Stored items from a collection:
■ ■ ■ ■

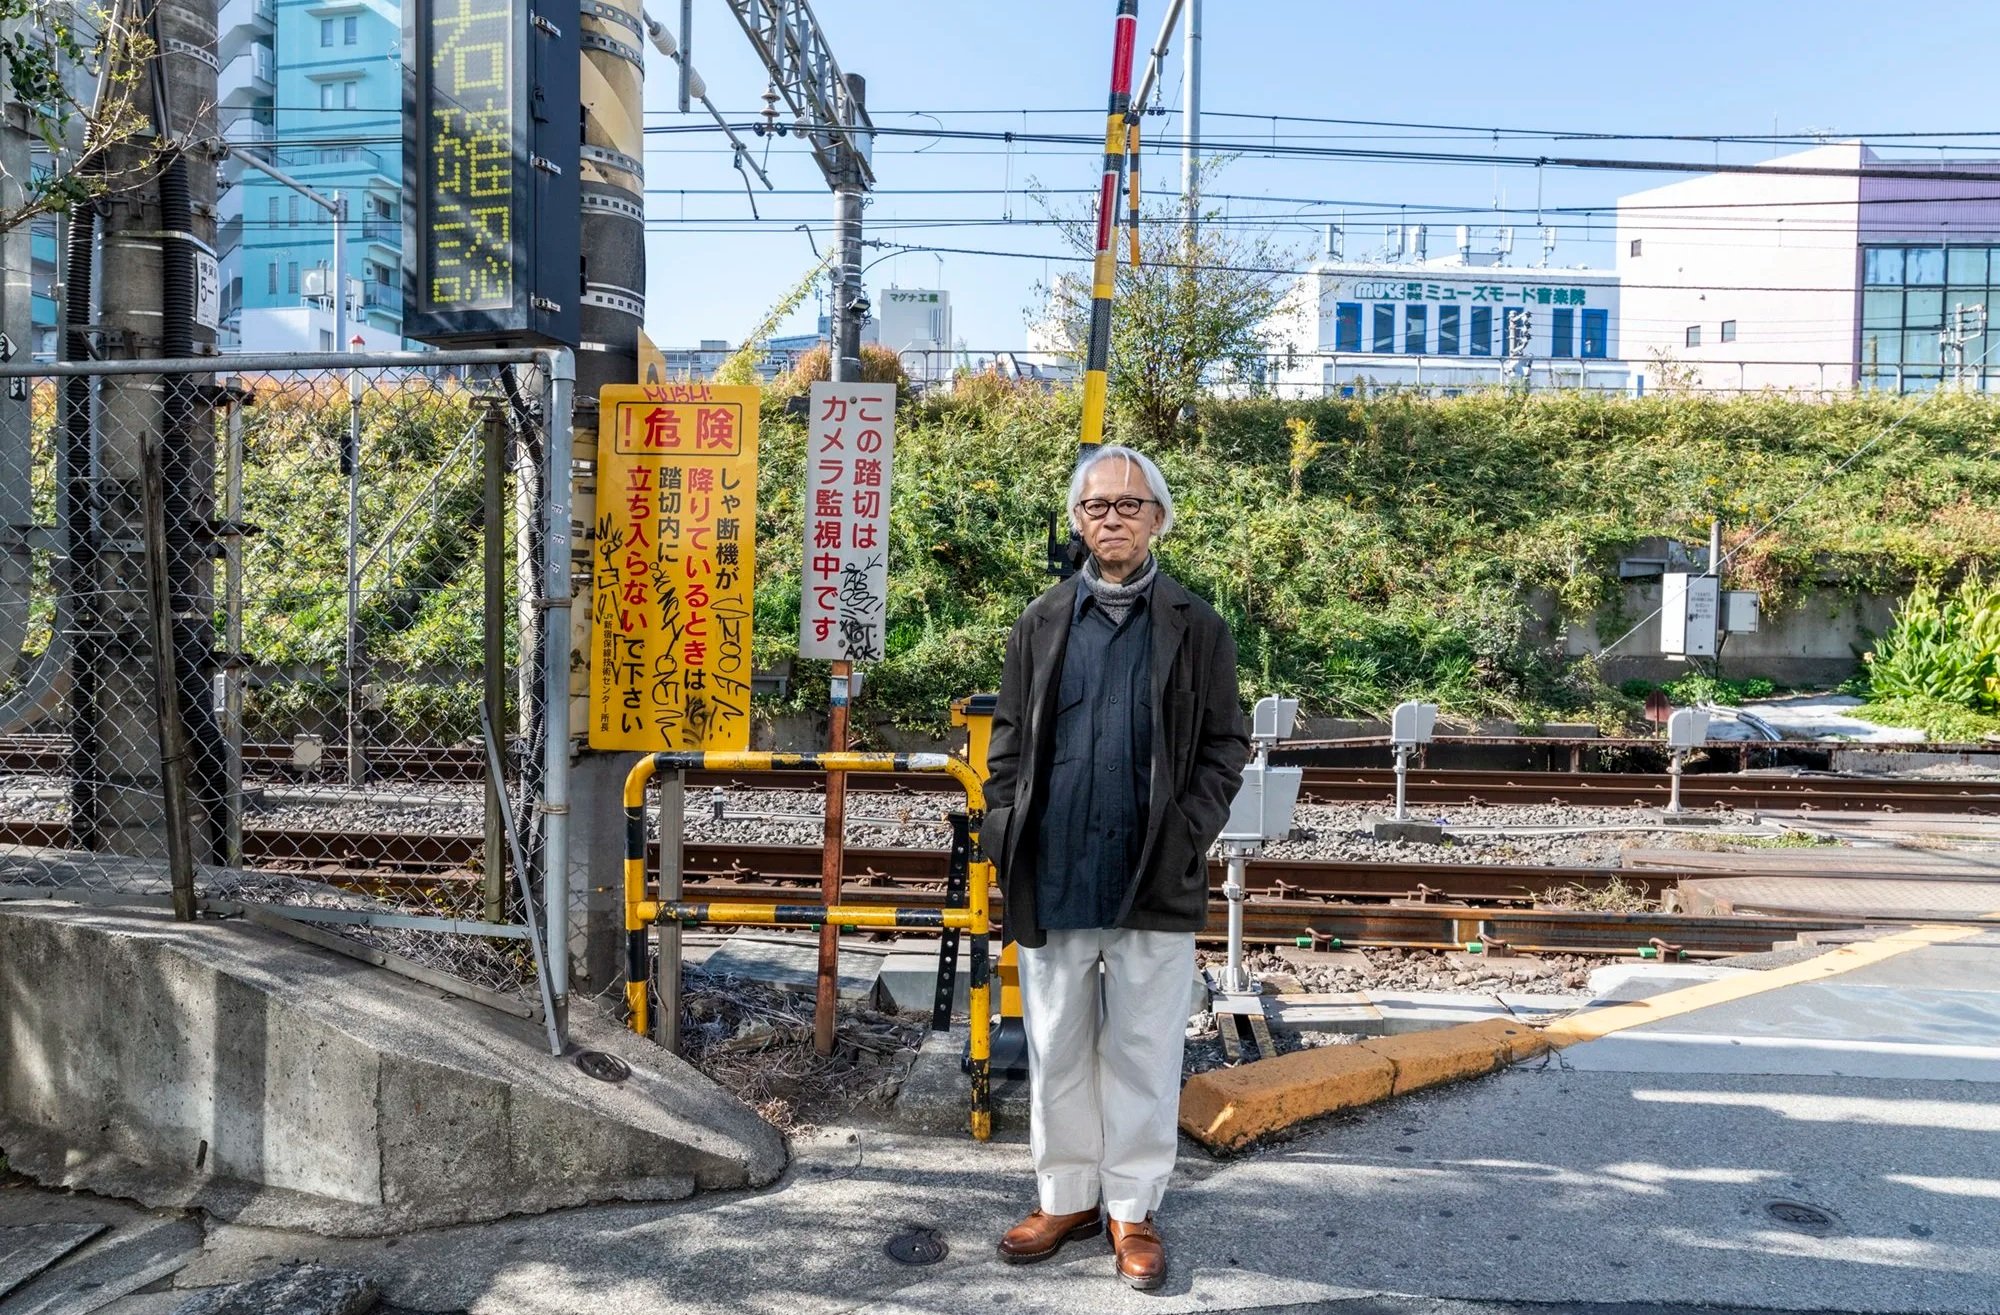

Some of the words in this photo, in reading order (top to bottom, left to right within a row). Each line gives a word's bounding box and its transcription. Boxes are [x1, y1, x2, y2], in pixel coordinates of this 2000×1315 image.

[656, 466, 682, 564] 踏切内に
[683, 467, 714, 691] 降りているときは
[811, 395, 847, 643] カメラ監視中です
[852, 396, 883, 550] この踏切は
[621, 464, 652, 735] 立ち入らないで下さい
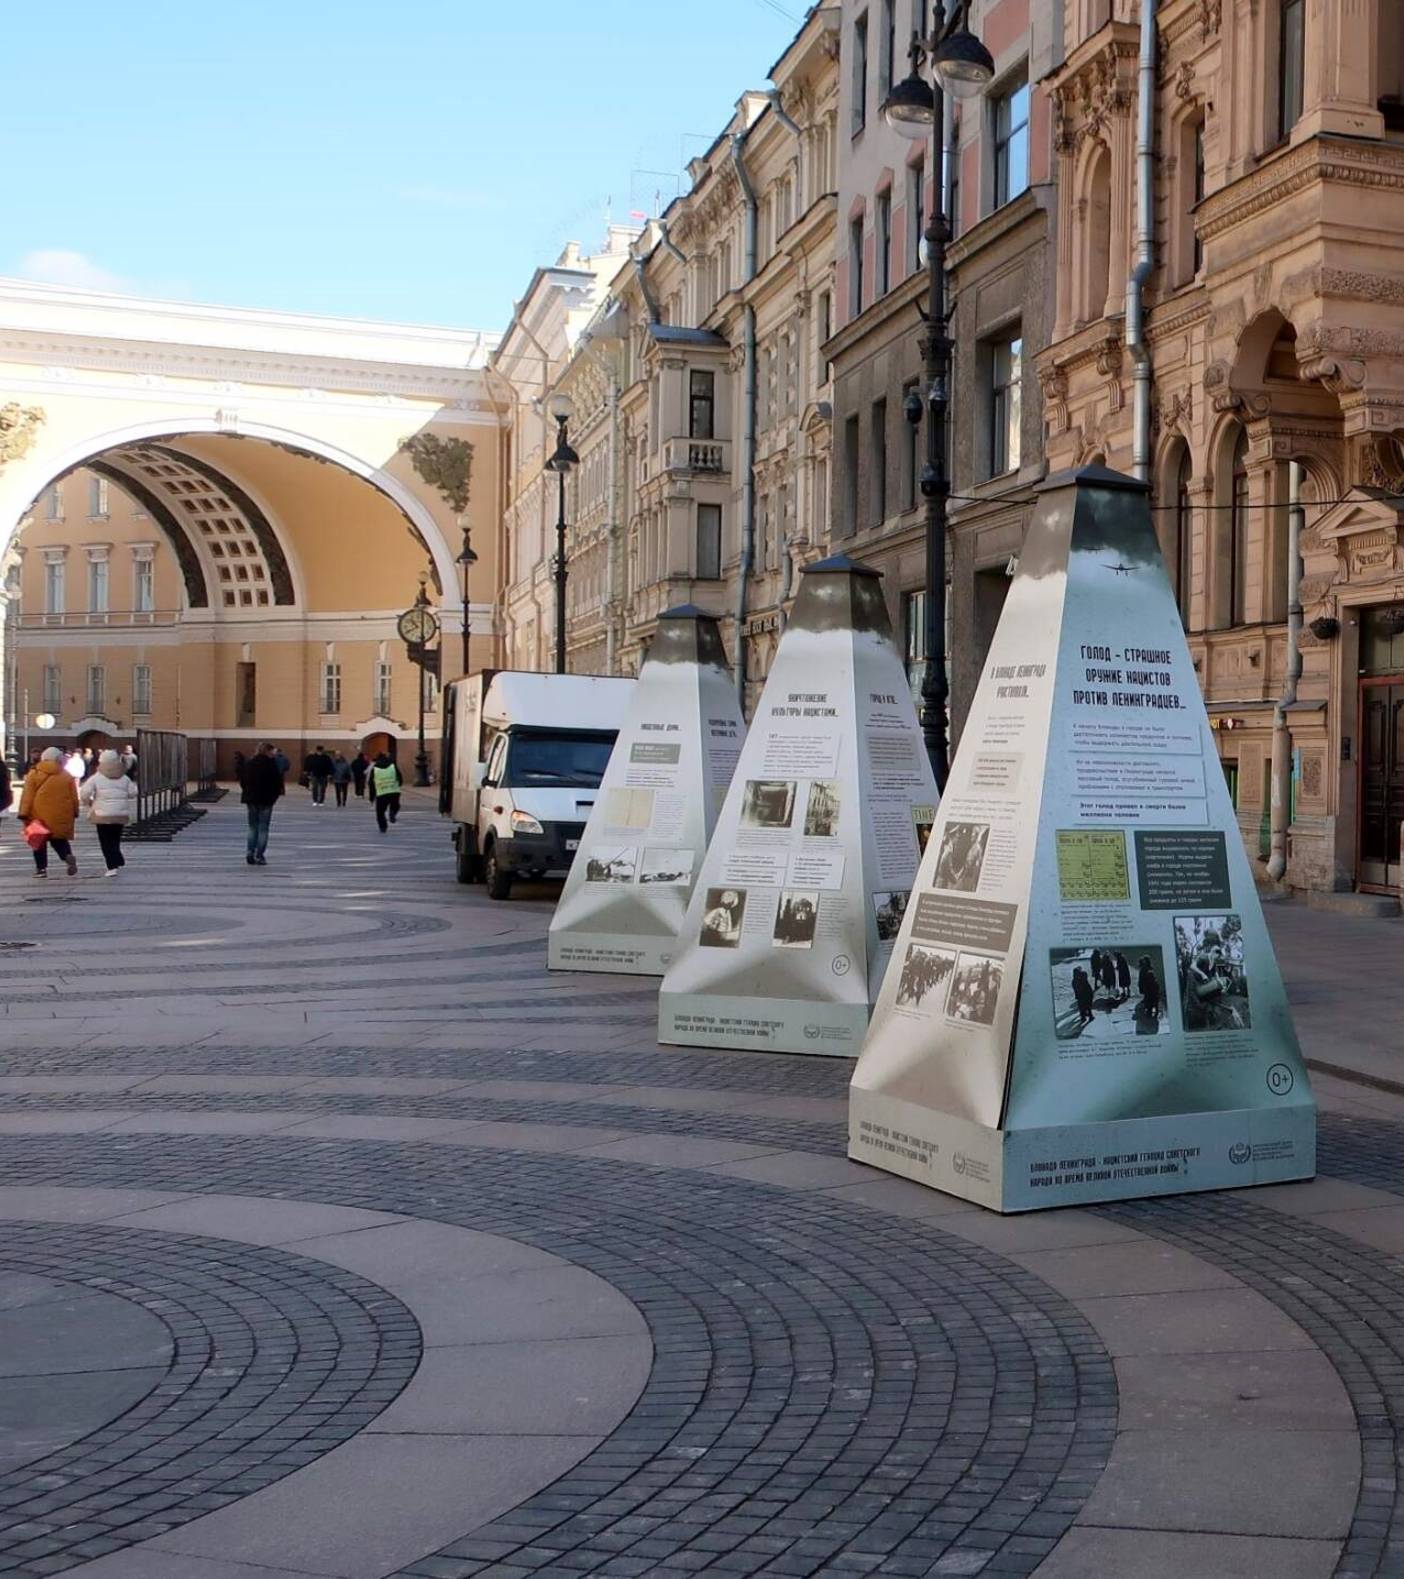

■ ■ ■ ■

### Required work
Set down every line above exactly, pictures excluded.

### Result for this exercise
Some of the words in this photo, in reading order (top to bottom, left to right within a row). Each line gives a word's bounding box and its transcription. Boxes are [x1, y1, x2, y2], in pixel coordinates of this 2000×1315 image.

[656, 466, 682, 564] 踏切内に
[683, 467, 714, 691] 降りているときは
[811, 395, 847, 643] カメラ監視中です
[852, 396, 883, 550] この踏切は
[621, 464, 652, 735] 立ち入らないで下さい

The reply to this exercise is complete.